The novel explores the character development of Elizabeth Bennet, the protagonist, as she learns about the repercussions of hasty judgments and the divide between superficial virtue and genuine goodness. The satire’s strength resides in its accurate portrayal of etiquette, education, marriage, and money in England during the Regency period. Despite the fact that it was first published over two centuries ago, Pride and Prejudice continues to enchant readers today.

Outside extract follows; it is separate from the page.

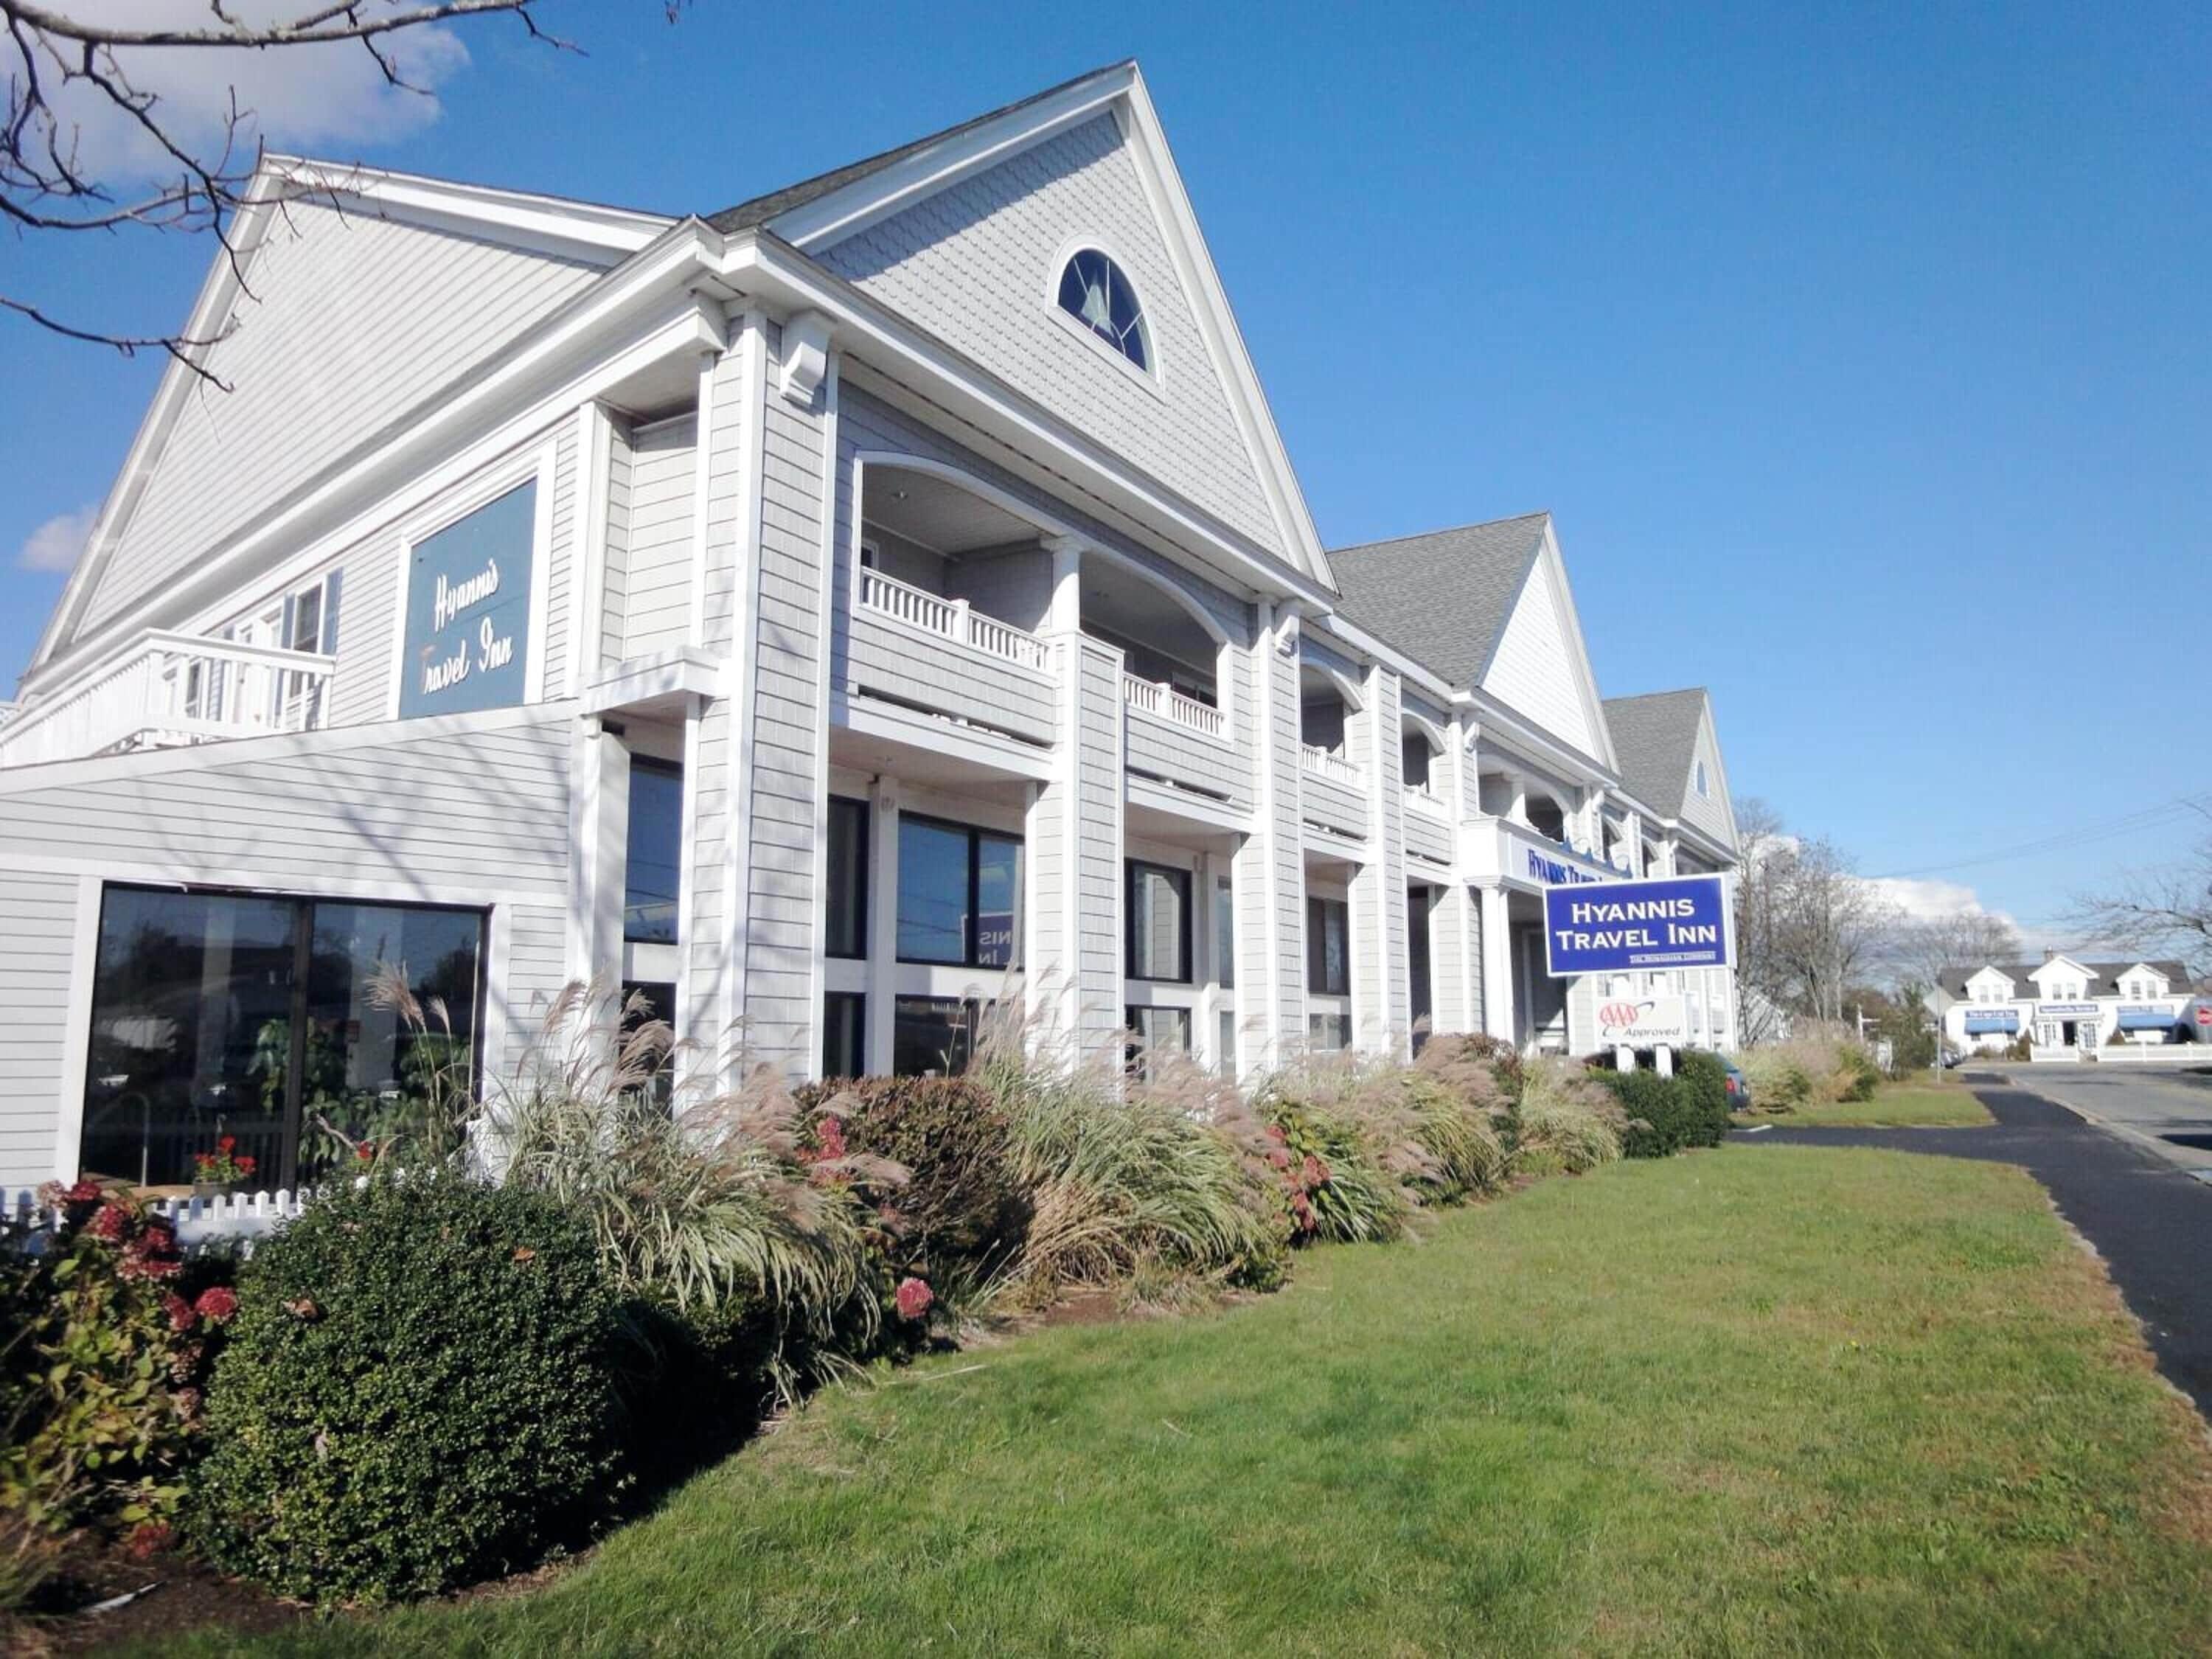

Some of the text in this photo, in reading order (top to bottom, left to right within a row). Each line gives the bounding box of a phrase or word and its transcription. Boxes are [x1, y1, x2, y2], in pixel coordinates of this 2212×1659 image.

[420, 616, 512, 695] ravel Inn
[1571, 898, 1695, 924] HYANNIS
[1555, 923, 1717, 951] TRAVEL INN
[1624, 1026, 1681, 1037] Approved

4. Things Fall Apart by Chinua Achebe
Things Fall Apart is the first of Chinua Achebe’s critically acclaimed African Trilogy. The story depicts Africa’s devastating confrontation with Europe as it creates its colonial presence. The novel explores a man’s futile resistance to the depreciation of his Igbo traditions by British political and religious forces.

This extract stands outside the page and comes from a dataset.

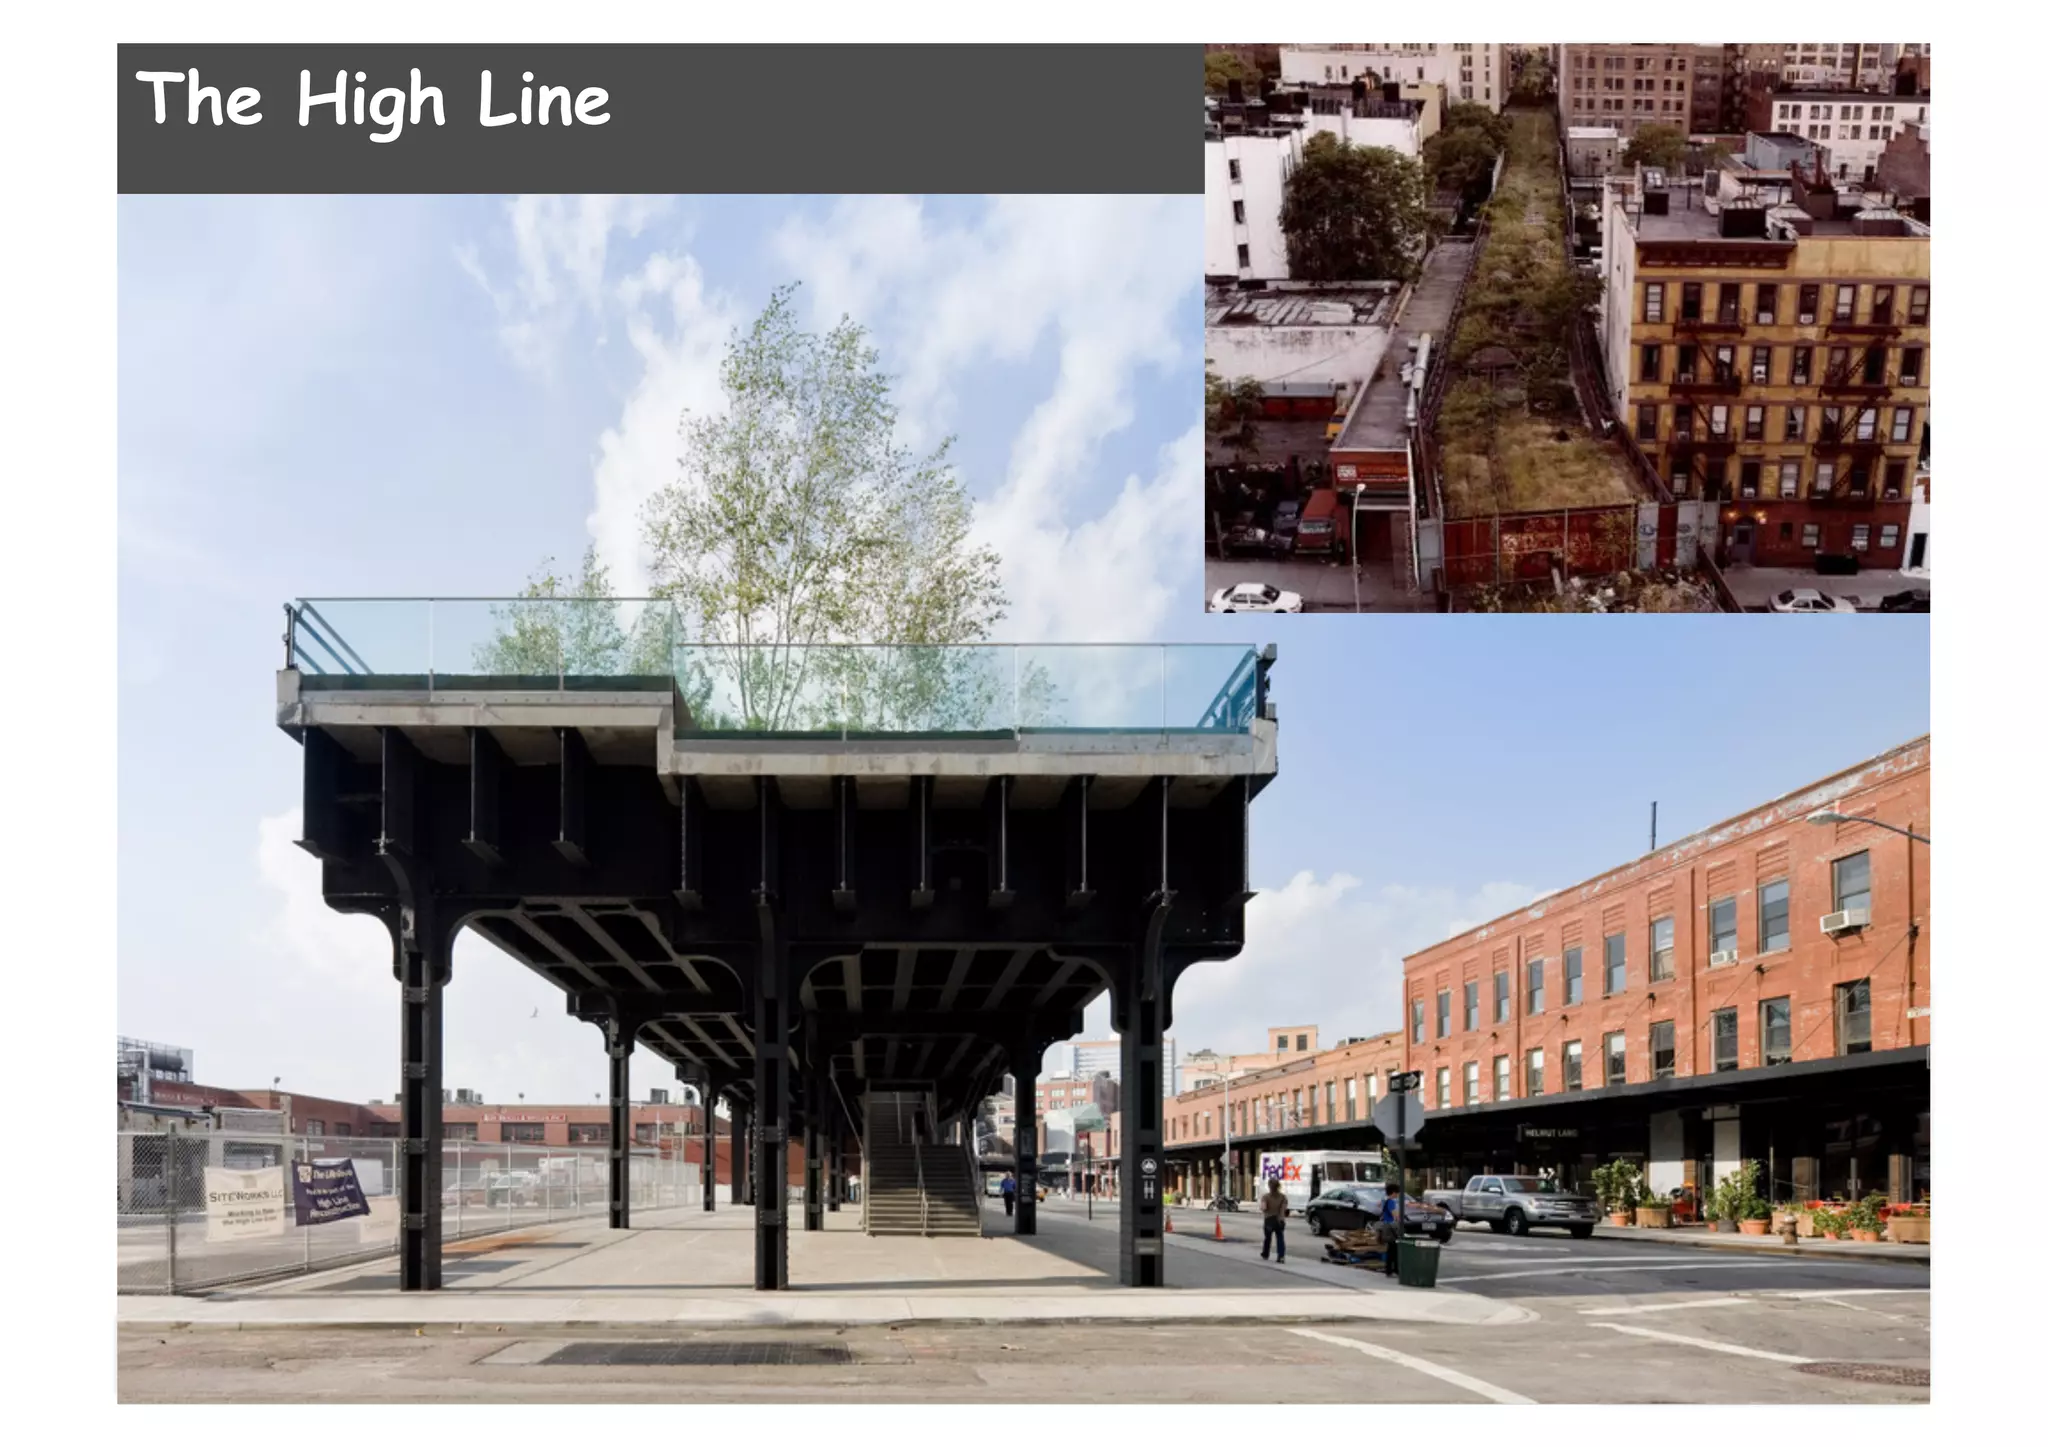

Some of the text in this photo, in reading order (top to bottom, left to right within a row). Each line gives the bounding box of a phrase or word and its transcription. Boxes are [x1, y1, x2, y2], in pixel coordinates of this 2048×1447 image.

Things Fall Apart deals with what sudden change from the customary path means for different characters. The strain concerning whether change ought to be privileged over tradition includes inquiries of individual status. The story captures the pre-colonial life in Nigeria and the advent of the Europeans during the late nineteenth century. The novel cross examines the conflict of societies, tradition and frameworks of belief.

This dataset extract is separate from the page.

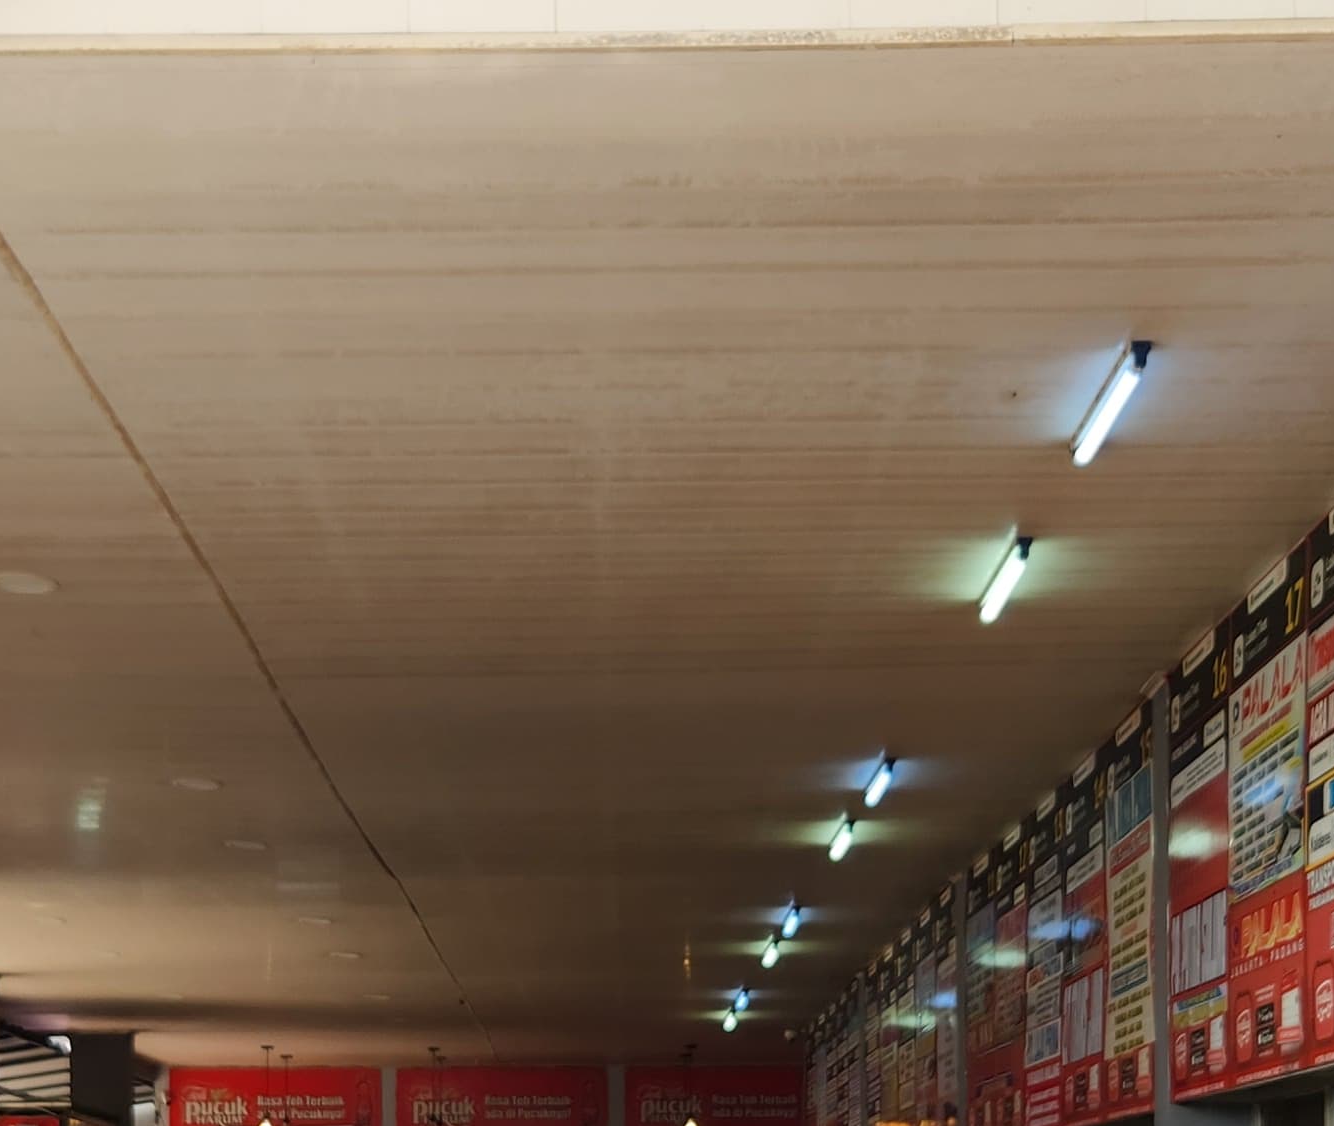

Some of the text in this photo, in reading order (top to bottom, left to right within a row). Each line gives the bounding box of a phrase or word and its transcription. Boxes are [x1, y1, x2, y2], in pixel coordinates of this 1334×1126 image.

[1284, 576, 1305, 636] 17
[1212, 648, 1229, 700] 16
[1269, 937, 1304, 963] PADANG

3. Wuthering Heights by Emily Brontë
Emily Bront’s novel Wuthering Heights was first published under the pseudonym Ellis Bell in 1847. Romanticism and Gothic fiction influenced the novel. Although Wuthering Heights is now regarded a masterpiece of English literature, it was faced criticism at the time. It was divisive because of its portrayals of mental and physical cruelty, as well as its challenges to Victorian morality, religion and societal ideals.
Heathcliff and Catherine engage in a romance that destroys them and those around them in this epic saga of love, jealousy, betrayal, and retribution. This famous tale of thwarted romance is set in the lonely and harsh Yorkshire moors and begins when the new tenant of Thrushcross Grange, Mr Lockwood, is forced to seek shelter for the night in Wuthering Heights. As the night progresses, Lockwood learns more about Wuthering Heights’ turbulent past and those associated with it.
2. To Kill a Mockingbird by Harper Lee
Harper Lee’s work To Kill a Mockingbird was first published in 1960 and became an immediate success. The Pulitzer Prize-winning novel has become a modern American classic. The work is known for its warmth and comedy, despite dealing with serious subjects such as rape and racial discrimination.
To Kill a Mockingbird is a compassionate, dramatic, and emotionally moving novel that leads readers to the origins of human conduct- to innocence and experience. This regional story by a young Alabama woman has been translated into forty languages. Harper Lee considered her work to be a simple love story from the beginning. It is now acknowledged as a literary masterpiece in the United States.
1. A Thousand Splendid Suns by Khaled Hosseini
If you are an avid reader, the probability of you having read the novel ‘The Kite Runner’ by Khaled Hosseini is really high. The writer, in almost all of his works, directly hits at the double oppression that women face and about his homeland, Afghanistan.
A Thousand Splendid Suns is a captivating novel set against the tumultuous events of Afghanistan’s last thirty years- from the Soviet invasion to the Taliban’s reign to post-Taliban rebuild- that puts the country’s violence, fear and faith in vivid, human terms. It’s a story about two generations of people brought together by the catastrophic expanse of war, where human lives are inextricably linked to the events unfolding around them. Life becomes a continuous struggle against famine, brutality, and dread once the Taliban seize control. Love, on the other hand, may drive a person to behave in unexpected ways and inspire them to overcome the most difficult challenges with astounding heroism.